Der ganze Innenhof war voll mit verletzten Kindern und ihren Eltern, die bei uns Hilfe suchten. Auch als routinierte Ärztin muss man sich an den Anblick von Kindern gewöhnen, denen Arme und/oder Beine fehlen. Das berührt ein Mutterherz schon sehr und lässt einen für einen kurzen Moment verzweifeln. Danach wischte ich diese Gedanken beiseite und fing an, dort zu helfen, wo ich gebraucht wurde.

NPH-Kinderkrankenhaus St. Damien nach dem Erdbeben.

Links der Innenhof des NPH-Kinderkrankenhauses St. Damien: Die Anzahl der hilfesuchenden Menschen war so groß, dass wir im Freien behandeln mussten. Rechts: Eindrücke der Verwüstung rund um das Kinderkrankenhaus.

Wie aus dieser Katastrophe etwas Großartiges entstand.

Kinderkrankenhaus St. Damien in Haiti - medizinische Versorgung für die Ärmsten der Armen

Für unser Kinderkrankenhaus St. Damien und die anderen Hilfsprogramme von NPH in Haiti bedeutete dieses Erdbeben eine enorme Aufgabe, aber auch neue Chancen: Mit neuen Partnern bauten wir ein Programm für Risikoschwangerschaften auf.
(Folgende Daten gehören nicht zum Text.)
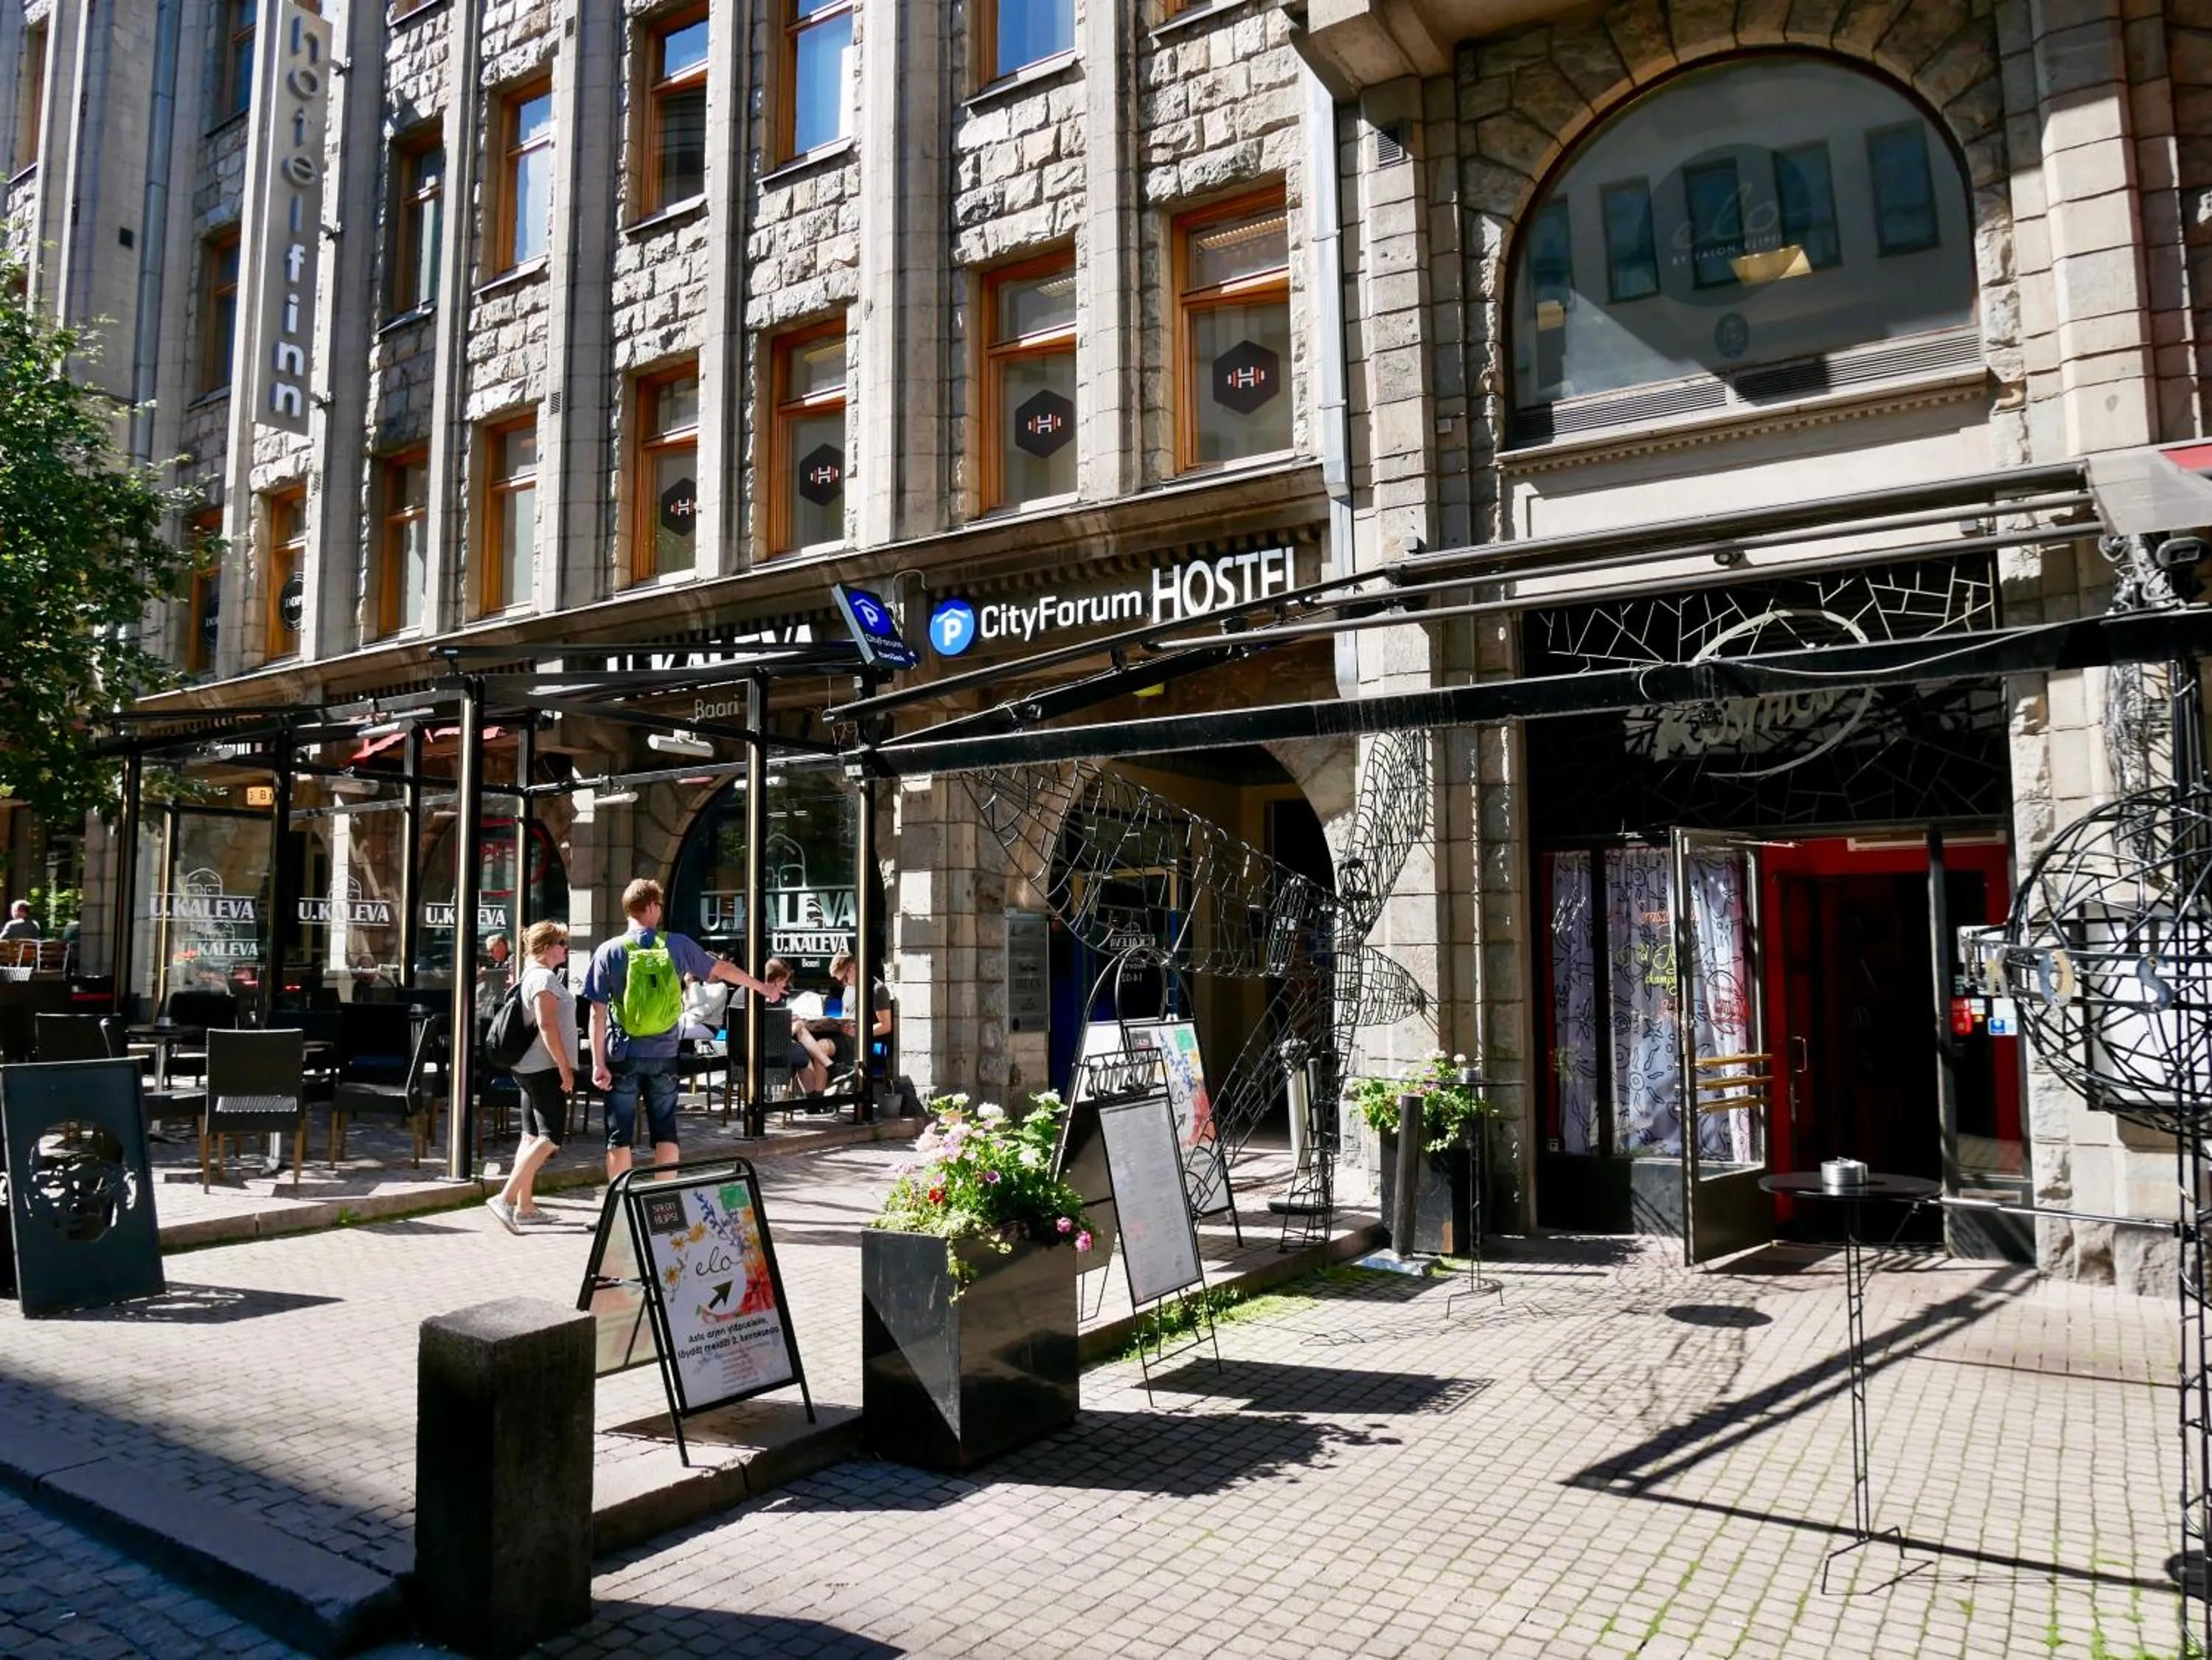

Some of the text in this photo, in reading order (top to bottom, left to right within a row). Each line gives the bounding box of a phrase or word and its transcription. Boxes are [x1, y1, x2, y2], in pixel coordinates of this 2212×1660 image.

[981, 590, 1142, 641] CityForum
[695, 694, 740, 719] Baari
[425, 906, 507, 925] U.KEVA
[773, 932, 849, 953] U.KALEVA
[696, 1246, 740, 1276] elo
Später folgten eine Geburtenstation und eine Kinderkrebsstation, die einzige in Haiti. Wir bauten unser Mangelernährungs- und HIV-Programm aus. Wir blicken auf harte Jahre, aber auch auf große Erfolge zurück. Wir sind stolz jährlich so vielen Menschen zu helfen:

Die medizinische Versorgung ist in Haiti in einem katastrophalen Zustand. Babys und Kleinkinder sterben an leicht heilbaren Krankheiten, weil sie sich keine Behandlung leisten können. In unserem Krankenhaus St. Damien versorgen wir Kinder kostenlos.